(Beginning of EXTRACTED MATERIAL)

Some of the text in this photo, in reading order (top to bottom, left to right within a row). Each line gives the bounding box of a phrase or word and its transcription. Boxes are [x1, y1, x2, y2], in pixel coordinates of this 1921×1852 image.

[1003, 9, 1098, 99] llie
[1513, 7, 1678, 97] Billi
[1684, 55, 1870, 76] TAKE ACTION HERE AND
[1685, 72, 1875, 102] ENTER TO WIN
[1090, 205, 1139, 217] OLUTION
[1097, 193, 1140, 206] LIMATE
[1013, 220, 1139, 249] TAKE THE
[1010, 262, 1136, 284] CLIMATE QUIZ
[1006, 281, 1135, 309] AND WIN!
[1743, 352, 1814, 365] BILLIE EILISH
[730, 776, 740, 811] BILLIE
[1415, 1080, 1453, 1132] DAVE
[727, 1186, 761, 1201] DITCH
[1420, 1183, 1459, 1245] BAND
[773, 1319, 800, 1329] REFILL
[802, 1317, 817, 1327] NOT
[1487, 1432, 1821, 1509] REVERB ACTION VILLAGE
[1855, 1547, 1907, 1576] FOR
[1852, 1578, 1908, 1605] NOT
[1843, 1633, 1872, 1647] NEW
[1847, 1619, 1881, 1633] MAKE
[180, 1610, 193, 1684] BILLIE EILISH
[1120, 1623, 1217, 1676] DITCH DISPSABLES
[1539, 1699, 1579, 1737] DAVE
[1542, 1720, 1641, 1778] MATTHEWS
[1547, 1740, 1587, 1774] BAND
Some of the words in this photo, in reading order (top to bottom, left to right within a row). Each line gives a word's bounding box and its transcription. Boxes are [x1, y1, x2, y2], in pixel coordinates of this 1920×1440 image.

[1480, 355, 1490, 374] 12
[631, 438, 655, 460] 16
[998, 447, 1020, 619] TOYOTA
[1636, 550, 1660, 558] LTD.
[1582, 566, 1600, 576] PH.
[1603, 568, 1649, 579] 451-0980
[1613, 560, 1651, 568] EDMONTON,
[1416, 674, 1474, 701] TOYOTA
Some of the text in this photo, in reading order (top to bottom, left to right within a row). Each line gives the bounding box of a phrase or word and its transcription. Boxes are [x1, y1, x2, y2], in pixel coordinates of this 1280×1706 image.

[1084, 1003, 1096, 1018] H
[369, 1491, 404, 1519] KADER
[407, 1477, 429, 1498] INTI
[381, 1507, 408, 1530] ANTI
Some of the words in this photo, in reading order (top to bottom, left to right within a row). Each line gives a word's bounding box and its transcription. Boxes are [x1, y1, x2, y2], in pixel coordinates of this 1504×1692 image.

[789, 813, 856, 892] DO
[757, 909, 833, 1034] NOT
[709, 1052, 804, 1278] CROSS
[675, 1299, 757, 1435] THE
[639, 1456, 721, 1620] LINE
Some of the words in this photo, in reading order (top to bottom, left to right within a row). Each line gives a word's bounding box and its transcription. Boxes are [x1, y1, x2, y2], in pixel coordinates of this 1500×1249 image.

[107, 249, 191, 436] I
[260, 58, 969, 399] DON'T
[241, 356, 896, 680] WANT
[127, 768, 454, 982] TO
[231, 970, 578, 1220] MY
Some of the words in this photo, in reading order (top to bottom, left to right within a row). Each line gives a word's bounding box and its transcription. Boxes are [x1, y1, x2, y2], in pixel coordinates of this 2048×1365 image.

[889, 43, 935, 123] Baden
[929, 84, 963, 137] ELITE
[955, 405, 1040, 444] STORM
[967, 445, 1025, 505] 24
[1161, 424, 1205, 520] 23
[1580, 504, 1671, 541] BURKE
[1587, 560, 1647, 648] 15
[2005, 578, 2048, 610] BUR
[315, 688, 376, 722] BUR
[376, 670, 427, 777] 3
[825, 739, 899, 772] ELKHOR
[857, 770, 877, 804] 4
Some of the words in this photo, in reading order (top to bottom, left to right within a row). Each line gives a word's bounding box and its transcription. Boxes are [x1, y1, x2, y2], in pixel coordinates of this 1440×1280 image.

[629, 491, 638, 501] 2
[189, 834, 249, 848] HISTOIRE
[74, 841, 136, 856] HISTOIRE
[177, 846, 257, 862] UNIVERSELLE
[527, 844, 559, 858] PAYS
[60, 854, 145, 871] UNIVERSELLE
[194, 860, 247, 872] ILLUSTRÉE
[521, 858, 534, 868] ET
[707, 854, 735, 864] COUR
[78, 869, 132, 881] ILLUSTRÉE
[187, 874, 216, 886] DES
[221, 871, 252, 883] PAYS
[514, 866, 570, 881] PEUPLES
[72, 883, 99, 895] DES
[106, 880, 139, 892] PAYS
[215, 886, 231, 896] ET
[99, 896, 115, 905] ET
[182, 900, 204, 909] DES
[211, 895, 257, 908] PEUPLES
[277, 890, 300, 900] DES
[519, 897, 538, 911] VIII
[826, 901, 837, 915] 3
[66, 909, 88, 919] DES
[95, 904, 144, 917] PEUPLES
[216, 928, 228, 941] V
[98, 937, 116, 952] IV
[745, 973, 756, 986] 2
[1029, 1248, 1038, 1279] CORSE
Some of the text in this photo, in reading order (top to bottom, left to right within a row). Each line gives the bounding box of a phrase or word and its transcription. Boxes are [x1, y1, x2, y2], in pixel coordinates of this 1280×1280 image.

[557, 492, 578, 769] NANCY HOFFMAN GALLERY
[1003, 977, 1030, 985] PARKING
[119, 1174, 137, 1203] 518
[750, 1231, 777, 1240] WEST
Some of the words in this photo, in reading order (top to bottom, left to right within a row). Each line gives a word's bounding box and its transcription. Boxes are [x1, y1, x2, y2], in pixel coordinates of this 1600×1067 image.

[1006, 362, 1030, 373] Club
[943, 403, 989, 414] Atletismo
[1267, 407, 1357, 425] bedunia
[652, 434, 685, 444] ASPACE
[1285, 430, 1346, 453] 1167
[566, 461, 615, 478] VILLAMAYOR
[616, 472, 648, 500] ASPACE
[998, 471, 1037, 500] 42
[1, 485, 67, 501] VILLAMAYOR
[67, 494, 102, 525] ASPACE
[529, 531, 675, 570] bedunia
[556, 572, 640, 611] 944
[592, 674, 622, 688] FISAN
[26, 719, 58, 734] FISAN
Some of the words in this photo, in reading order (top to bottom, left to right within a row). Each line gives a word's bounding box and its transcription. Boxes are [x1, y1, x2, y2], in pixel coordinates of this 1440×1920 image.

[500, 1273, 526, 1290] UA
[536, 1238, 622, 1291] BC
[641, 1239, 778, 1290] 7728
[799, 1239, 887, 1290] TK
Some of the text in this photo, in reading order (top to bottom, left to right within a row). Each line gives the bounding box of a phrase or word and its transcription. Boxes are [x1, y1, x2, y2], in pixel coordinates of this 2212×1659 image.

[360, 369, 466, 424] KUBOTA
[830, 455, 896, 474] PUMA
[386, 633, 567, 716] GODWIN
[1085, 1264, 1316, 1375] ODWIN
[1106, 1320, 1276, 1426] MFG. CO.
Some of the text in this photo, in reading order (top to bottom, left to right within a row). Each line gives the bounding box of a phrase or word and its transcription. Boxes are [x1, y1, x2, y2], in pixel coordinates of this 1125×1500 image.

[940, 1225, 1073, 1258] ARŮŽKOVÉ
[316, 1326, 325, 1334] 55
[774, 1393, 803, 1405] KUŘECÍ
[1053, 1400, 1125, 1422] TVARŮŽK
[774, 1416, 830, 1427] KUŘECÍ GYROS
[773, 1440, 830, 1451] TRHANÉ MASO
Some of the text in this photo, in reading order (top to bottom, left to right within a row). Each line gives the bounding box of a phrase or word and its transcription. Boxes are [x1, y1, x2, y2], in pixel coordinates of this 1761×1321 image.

(End of EXTRACTED MATERIAL)

**PROBLEM DETAILS**
Lines in scope run from the one holding "this 1125×1500 image." to the last line of the material above; transcribe them exactly and omit the rest.

**REPLY**
Some of the text in this photo, in reading order (top to bottom, left to right within a row). Each line gives the bounding box of a phrase or word and its transcription. Boxes are [x1, y1, x2, y2], in pixel coordinates of this 1125×1500 image.

[940, 1225, 1073, 1258] ARŮŽKOVÉ
[316, 1326, 325, 1334] 55
[774, 1393, 803, 1405] KUŘECÍ
[1053, 1400, 1125, 1422] TVARŮŽK
[774, 1416, 830, 1427] KUŘECÍ GYROS
[773, 1440, 830, 1451] TRHANÉ MASO
Some of the text in this photo, in reading order (top to bottom, left to right within a row). Each line gives the bounding box of a phrase or word and its transcription. Boxes are [x1, y1, x2, y2], in pixel coordinates of this 1761×1321 image.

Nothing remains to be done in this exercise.